The people of Utah are a hard-working and God-fearing people who are also known to be people of the law. So much so that they have a few laws that are a bit out of the norm. The following are actual laws still on the books in the great state of Utah:
1. It is Considered a Misdemeanor Offense to Hunt Whales: Since Utah is more than a thousand miles from the nearest ocean, infractions of this type are quite rare.
2. It is a Felony to Tread on the Cracks Between Paving Stones on the Sidewalk. This will ease the mind of your mother, who’s healthy back is in constant jeopardy from thoughtless offspring.
3. In Logan, Utah, it is Unlawful for Women to Swear: Good law. Very enforceable . . . if this was 1883.

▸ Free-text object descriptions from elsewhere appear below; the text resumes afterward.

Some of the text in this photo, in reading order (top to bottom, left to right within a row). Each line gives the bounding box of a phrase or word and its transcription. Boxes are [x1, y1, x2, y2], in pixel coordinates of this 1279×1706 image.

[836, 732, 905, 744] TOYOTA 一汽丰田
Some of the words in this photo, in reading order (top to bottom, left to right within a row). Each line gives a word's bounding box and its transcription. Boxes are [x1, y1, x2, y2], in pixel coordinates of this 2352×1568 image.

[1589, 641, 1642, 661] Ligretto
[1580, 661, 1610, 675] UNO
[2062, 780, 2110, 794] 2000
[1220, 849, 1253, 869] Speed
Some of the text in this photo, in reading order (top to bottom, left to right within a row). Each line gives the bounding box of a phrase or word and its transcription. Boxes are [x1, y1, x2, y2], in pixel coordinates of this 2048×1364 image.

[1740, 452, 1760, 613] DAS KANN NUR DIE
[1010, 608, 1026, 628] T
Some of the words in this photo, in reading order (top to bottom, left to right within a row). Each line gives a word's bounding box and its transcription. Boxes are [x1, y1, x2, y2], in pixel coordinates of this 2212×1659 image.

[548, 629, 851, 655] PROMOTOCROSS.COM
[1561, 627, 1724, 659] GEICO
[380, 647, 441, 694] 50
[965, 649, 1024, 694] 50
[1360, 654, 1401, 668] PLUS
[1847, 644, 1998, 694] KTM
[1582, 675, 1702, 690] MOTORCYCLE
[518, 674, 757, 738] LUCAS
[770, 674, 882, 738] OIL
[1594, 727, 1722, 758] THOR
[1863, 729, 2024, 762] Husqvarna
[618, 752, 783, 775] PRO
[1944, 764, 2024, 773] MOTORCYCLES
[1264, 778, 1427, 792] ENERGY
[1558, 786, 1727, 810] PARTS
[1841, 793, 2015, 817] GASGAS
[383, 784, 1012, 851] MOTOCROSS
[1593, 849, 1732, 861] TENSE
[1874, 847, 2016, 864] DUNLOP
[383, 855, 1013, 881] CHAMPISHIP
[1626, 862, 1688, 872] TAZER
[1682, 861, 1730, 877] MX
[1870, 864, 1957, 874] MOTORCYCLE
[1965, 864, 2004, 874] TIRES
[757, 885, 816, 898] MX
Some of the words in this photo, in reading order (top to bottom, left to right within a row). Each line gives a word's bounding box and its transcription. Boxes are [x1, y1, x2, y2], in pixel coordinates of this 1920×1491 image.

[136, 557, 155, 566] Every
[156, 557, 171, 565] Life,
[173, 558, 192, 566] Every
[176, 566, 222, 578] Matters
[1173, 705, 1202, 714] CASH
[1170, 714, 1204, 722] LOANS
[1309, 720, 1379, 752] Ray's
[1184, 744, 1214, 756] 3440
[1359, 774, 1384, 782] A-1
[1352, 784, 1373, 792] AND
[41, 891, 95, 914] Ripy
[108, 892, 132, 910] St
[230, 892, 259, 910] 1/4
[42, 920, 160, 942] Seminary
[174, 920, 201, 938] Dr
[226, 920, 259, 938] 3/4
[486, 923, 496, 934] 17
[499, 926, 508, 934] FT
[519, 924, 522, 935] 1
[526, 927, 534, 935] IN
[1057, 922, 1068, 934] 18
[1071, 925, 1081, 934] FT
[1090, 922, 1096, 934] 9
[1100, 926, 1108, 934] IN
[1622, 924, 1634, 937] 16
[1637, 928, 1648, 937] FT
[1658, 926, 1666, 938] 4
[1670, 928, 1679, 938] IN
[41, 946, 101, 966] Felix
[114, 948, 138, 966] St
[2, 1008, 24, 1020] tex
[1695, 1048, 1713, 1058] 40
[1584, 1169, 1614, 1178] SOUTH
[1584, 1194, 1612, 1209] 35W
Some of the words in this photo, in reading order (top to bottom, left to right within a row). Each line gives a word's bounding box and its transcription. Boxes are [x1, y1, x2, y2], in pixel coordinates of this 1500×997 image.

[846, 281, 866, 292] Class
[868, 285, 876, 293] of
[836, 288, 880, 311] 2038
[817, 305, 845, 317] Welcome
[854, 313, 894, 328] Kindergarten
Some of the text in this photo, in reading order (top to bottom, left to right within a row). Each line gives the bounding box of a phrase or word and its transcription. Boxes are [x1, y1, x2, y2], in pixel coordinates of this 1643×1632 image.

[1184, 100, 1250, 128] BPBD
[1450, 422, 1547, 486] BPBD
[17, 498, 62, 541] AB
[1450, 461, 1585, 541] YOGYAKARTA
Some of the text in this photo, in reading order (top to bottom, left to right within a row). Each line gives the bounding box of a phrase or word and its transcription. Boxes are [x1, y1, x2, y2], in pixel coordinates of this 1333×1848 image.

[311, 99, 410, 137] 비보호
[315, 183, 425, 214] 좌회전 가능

4. In Monroe, Utah, Daylight Must be Visible Between Partners on a Dance Floor: Given that Utah has the largest number of children per household in the United States, this law is probably not being strictly enforced.
5. Finally, in the State of Utah it is Illegal to Create a Catastrophe: I would suggest that Ute fans avert their eyes come Saturday. There’s an angry flock of Ducks looking to catastrophe ALL OVER YOUR BUSINESS! Likely it will make your menfolk cringe, and your womenfolk cuss. Heaven help you.
Go Ducks!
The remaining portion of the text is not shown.